» BRIEF
Take every line of the material and reproduce it exactly.

» DATASET RECORDS

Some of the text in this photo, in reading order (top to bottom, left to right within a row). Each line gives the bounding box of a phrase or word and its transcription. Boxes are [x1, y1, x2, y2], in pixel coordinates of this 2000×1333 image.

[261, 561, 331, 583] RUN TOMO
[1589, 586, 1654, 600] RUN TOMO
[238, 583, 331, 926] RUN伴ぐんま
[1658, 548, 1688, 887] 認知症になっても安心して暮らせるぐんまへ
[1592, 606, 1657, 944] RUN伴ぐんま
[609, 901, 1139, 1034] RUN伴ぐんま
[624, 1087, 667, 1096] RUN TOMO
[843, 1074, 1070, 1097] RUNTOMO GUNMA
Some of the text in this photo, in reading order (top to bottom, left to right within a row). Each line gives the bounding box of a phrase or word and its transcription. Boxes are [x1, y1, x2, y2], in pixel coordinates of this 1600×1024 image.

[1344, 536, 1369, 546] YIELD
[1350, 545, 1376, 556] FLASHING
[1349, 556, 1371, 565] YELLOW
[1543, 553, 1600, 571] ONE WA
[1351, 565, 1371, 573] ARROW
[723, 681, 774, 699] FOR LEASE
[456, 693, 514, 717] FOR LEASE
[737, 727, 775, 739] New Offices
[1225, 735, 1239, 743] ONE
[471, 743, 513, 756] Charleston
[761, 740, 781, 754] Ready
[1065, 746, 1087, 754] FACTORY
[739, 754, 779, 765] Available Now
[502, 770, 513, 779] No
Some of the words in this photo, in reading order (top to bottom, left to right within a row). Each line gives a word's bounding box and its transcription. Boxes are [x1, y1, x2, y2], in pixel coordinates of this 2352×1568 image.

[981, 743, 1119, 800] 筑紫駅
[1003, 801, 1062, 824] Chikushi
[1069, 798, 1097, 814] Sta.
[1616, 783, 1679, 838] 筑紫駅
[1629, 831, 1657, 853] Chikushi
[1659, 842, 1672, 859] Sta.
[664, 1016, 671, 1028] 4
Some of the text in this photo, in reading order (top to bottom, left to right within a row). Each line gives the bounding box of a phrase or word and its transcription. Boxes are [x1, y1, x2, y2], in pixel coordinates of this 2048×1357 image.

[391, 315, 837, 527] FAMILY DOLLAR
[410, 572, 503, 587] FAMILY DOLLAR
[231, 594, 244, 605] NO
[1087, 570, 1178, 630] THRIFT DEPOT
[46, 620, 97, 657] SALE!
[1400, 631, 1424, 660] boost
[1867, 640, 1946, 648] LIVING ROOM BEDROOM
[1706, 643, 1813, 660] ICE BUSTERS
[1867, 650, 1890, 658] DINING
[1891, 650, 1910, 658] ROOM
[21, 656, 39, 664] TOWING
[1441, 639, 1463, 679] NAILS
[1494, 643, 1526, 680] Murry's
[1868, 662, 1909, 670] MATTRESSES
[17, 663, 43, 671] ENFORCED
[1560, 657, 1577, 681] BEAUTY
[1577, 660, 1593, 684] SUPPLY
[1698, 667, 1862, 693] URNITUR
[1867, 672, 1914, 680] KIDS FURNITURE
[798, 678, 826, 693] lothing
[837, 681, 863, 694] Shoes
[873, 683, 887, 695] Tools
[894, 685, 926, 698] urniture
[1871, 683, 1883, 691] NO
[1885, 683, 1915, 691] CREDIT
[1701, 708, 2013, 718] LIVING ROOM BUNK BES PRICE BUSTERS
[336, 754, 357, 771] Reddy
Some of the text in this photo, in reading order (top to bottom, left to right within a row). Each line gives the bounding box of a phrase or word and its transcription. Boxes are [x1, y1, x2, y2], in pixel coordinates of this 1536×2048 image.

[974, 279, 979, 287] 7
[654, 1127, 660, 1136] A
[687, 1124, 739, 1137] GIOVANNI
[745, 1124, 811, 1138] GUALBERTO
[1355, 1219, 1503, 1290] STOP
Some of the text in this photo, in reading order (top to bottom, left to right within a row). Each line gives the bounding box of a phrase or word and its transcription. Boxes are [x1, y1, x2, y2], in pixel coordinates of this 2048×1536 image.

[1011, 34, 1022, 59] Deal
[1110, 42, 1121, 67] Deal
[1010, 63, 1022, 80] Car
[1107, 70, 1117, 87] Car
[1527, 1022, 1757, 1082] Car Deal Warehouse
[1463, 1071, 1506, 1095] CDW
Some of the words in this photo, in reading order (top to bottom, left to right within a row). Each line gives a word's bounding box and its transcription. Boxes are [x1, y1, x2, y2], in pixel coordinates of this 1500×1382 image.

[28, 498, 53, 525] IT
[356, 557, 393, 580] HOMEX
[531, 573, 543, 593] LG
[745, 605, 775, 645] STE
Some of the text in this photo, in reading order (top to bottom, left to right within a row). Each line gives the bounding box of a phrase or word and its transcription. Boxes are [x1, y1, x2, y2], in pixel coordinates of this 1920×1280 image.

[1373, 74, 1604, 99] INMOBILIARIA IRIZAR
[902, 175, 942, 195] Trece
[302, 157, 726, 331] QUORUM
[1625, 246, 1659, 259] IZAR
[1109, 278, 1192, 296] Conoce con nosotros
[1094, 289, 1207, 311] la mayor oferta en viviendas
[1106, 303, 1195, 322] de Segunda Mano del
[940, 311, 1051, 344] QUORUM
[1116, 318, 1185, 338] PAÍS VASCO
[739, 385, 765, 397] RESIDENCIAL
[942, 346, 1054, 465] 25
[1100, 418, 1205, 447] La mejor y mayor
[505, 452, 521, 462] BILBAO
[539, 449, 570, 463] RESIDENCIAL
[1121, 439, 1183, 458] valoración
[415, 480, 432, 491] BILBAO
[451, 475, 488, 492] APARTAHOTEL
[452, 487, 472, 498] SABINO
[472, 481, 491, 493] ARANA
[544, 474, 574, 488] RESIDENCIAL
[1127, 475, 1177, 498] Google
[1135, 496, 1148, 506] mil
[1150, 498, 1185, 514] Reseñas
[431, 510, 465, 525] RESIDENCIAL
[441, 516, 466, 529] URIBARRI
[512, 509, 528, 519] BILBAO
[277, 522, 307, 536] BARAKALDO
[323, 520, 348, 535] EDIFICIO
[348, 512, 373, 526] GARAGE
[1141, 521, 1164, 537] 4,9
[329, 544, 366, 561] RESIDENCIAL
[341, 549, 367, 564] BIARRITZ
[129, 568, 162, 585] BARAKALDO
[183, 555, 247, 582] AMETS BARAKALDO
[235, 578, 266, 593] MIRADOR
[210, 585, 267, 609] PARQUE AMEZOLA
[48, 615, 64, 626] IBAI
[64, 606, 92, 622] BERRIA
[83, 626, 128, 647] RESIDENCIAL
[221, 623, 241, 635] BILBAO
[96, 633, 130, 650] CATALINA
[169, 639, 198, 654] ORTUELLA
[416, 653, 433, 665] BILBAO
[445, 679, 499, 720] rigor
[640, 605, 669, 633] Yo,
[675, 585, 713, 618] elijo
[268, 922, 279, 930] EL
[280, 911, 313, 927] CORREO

» EXERCISE RESPONSE
Some of the text in this photo, in reading order (top to bottom, left to right within a row). Each line gives the bounding box of a phrase or word and its transcription. Boxes are [x1, y1, x2, y2], in pixel coordinates of this 2000×1333 image.

[261, 561, 331, 583] RUN TOMO
[1589, 586, 1654, 600] RUN TOMO
[238, 583, 331, 926] RUN伴ぐんま
[1658, 548, 1688, 887] 認知症になっても安心して暮らせるぐんまへ
[1592, 606, 1657, 944] RUN伴ぐんま
[609, 901, 1139, 1034] RUN伴ぐんま
[624, 1087, 667, 1096] RUN TOMO
[843, 1074, 1070, 1097] RUNTOMO GUNMA
Some of the text in this photo, in reading order (top to bottom, left to right within a row). Each line gives the bounding box of a phrase or word and its transcription. Boxes are [x1, y1, x2, y2], in pixel coordinates of this 1600×1024 image.

[1344, 536, 1369, 546] YIELD
[1350, 545, 1376, 556] FLASHING
[1349, 556, 1371, 565] YELLOW
[1543, 553, 1600, 571] ONE WA
[1351, 565, 1371, 573] ARROW
[723, 681, 774, 699] FOR LEASE
[456, 693, 514, 717] FOR LEASE
[737, 727, 775, 739] New Offices
[1225, 735, 1239, 743] ONE
[471, 743, 513, 756] Charleston
[761, 740, 781, 754] Ready
[1065, 746, 1087, 754] FACTORY
[739, 754, 779, 765] Available Now
[502, 770, 513, 779] No
Some of the words in this photo, in reading order (top to bottom, left to right within a row). Each line gives a word's bounding box and its transcription. Boxes are [x1, y1, x2, y2], in pixel coordinates of this 2352×1568 image.

[981, 743, 1119, 800] 筑紫駅
[1003, 801, 1062, 824] Chikushi
[1069, 798, 1097, 814] Sta.
[1616, 783, 1679, 838] 筑紫駅
[1629, 831, 1657, 853] Chikushi
[1659, 842, 1672, 859] Sta.
[664, 1016, 671, 1028] 4
Some of the text in this photo, in reading order (top to bottom, left to right within a row). Each line gives the bounding box of a phrase or word and its transcription. Boxes are [x1, y1, x2, y2], in pixel coordinates of this 2048×1357 image.

[391, 315, 837, 527] FAMILY DOLLAR
[410, 572, 503, 587] FAMILY DOLLAR
[231, 594, 244, 605] NO
[1087, 570, 1178, 630] THRIFT DEPOT
[46, 620, 97, 657] SALE!
[1400, 631, 1424, 660] boost
[1867, 640, 1946, 648] LIVING ROOM BEDROOM
[1706, 643, 1813, 660] ICE BUSTERS
[1867, 650, 1890, 658] DINING
[1891, 650, 1910, 658] ROOM
[21, 656, 39, 664] TOWING
[1441, 639, 1463, 679] NAILS
[1494, 643, 1526, 680] Murry's
[1868, 662, 1909, 670] MATTRESSES
[17, 663, 43, 671] ENFORCED
[1560, 657, 1577, 681] BEAUTY
[1577, 660, 1593, 684] SUPPLY
[1698, 667, 1862, 693] URNITUR
[1867, 672, 1914, 680] KIDS FURNITURE
[798, 678, 826, 693] lothing
[837, 681, 863, 694] Shoes
[873, 683, 887, 695] Tools
[894, 685, 926, 698] urniture
[1871, 683, 1883, 691] NO
[1885, 683, 1915, 691] CREDIT
[1701, 708, 2013, 718] LIVING ROOM BUNK BES PRICE BUSTERS
[336, 754, 357, 771] Reddy
Some of the text in this photo, in reading order (top to bottom, left to right within a row). Each line gives the bounding box of a phrase or word and its transcription. Boxes are [x1, y1, x2, y2], in pixel coordinates of this 1536×2048 image.

[974, 279, 979, 287] 7
[654, 1127, 660, 1136] A
[687, 1124, 739, 1137] GIOVANNI
[745, 1124, 811, 1138] GUALBERTO
[1355, 1219, 1503, 1290] STOP
Some of the text in this photo, in reading order (top to bottom, left to right within a row). Each line gives the bounding box of a phrase or word and its transcription. Boxes are [x1, y1, x2, y2], in pixel coordinates of this 2048×1536 image.

[1011, 34, 1022, 59] Deal
[1110, 42, 1121, 67] Deal
[1010, 63, 1022, 80] Car
[1107, 70, 1117, 87] Car
[1527, 1022, 1757, 1082] Car Deal Warehouse
[1463, 1071, 1506, 1095] CDW
Some of the words in this photo, in reading order (top to bottom, left to right within a row). Each line gives a word's bounding box and its transcription. Boxes are [x1, y1, x2, y2], in pixel coordinates of this 1500×1382 image.

[28, 498, 53, 525] IT
[356, 557, 393, 580] HOMEX
[531, 573, 543, 593] LG
[745, 605, 775, 645] STE
Some of the text in this photo, in reading order (top to bottom, left to right within a row). Each line gives the bounding box of a phrase or word and its transcription. Boxes are [x1, y1, x2, y2], in pixel coordinates of this 1920×1280 image.

[1373, 74, 1604, 99] INMOBILIARIA IRIZAR
[902, 175, 942, 195] Trece
[302, 157, 726, 331] QUORUM
[1625, 246, 1659, 259] IZAR
[1109, 278, 1192, 296] Conoce con nosotros
[1094, 289, 1207, 311] la mayor oferta en viviendas
[1106, 303, 1195, 322] de Segunda Mano del
[940, 311, 1051, 344] QUORUM
[1116, 318, 1185, 338] PAÍS VASCO
[739, 385, 765, 397] RESIDENCIAL
[942, 346, 1054, 465] 25
[1100, 418, 1205, 447] La mejor y mayor
[505, 452, 521, 462] BILBAO
[539, 449, 570, 463] RESIDENCIAL
[1121, 439, 1183, 458] valoración
[415, 480, 432, 491] BILBAO
[451, 475, 488, 492] APARTAHOTEL
[452, 487, 472, 498] SABINO
[472, 481, 491, 493] ARANA
[544, 474, 574, 488] RESIDENCIAL
[1127, 475, 1177, 498] Google
[1135, 496, 1148, 506] mil
[1150, 498, 1185, 514] Reseñas
[431, 510, 465, 525] RESIDENCIAL
[441, 516, 466, 529] URIBARRI
[512, 509, 528, 519] BILBAO
[277, 522, 307, 536] BARAKALDO
[323, 520, 348, 535] EDIFICIO
[348, 512, 373, 526] GARAGE
[1141, 521, 1164, 537] 4,9
[329, 544, 366, 561] RESIDENCIAL
[341, 549, 367, 564] BIARRITZ
[129, 568, 162, 585] BARAKALDO
[183, 555, 247, 582] AMETS BARAKALDO
[235, 578, 266, 593] MIRADOR
[210, 585, 267, 609] PARQUE AMEZOLA
[48, 615, 64, 626] IBAI
[64, 606, 92, 622] BERRIA
[83, 626, 128, 647] RESIDENCIAL
[221, 623, 241, 635] BILBAO
[96, 633, 130, 650] CATALINA
[169, 639, 198, 654] ORTUELLA
[416, 653, 433, 665] BILBAO
[445, 679, 499, 720] rigor
[640, 605, 669, 633] Yo,
[675, 585, 713, 618] elijo
[268, 922, 279, 930] EL
[280, 911, 313, 927] CORREO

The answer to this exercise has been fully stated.